Become an expert in R — Interactive courses, Cheat Sheets, certificates and more!
Get Started for Free

gl.report.secondaries

Report loci containing secondary SNPs in sequence tags


Description

SNP datasets generated by DArT include fragments with more than one SNP (that is, with secondaries) and record them separately with the same CloneID (=AlleleID).

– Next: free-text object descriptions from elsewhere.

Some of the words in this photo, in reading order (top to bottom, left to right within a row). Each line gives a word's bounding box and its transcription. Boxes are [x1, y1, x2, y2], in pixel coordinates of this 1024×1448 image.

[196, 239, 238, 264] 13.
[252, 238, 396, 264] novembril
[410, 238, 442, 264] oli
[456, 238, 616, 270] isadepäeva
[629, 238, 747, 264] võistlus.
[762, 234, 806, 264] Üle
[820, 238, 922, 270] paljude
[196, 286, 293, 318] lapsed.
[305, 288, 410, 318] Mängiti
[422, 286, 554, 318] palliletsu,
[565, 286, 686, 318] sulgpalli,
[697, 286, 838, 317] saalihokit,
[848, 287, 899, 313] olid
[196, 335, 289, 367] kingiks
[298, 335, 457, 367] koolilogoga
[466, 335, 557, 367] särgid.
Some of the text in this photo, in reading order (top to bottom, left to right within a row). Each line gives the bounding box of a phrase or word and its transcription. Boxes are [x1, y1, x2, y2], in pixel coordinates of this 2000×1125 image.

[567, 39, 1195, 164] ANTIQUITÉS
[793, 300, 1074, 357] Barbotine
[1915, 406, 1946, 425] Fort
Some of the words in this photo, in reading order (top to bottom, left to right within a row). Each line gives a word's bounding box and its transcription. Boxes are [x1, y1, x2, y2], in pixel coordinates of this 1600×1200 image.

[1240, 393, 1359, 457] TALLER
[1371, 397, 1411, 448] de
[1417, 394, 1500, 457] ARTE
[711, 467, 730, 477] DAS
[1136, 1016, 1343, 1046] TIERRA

These multiple SNP loci within a fragment are likely to be linked, and so you may wish to remove secondaries.

Usage

gl.report.secondaries(x, boxplot = "adjusted", range = 1.5, verbose = 2)

Arguments

x

– name of the genlight object containing the SNP data [required]

boxplot

– if 'standard', plots a standard box and whisker plot; if 'adjusted', plots a boxplot adjusted for skewed distributions [default 'adjusted']

range

– specifies the range for delimiting outliers [default = 1.5 interquartile ranges]

verbose

– verbosity: 0, silent or fatal errors; 1, begin and end; 2, progress log ; 3, progress and results summary; 5, full report [default 2 or as specified using gl.set.verbosity]

Details

The script reports statistics associated with secondaries, and the consequences of filtering them out, and provides three plots. The first is a Box and Whisker plot adjusted to account for skewness, the second is a bargraph of the frequency of secondaries per sequence tag, and the third is Poisson expectation for those frequencies including an estimate of the zero class (no. of sequence tags with no SNP scored).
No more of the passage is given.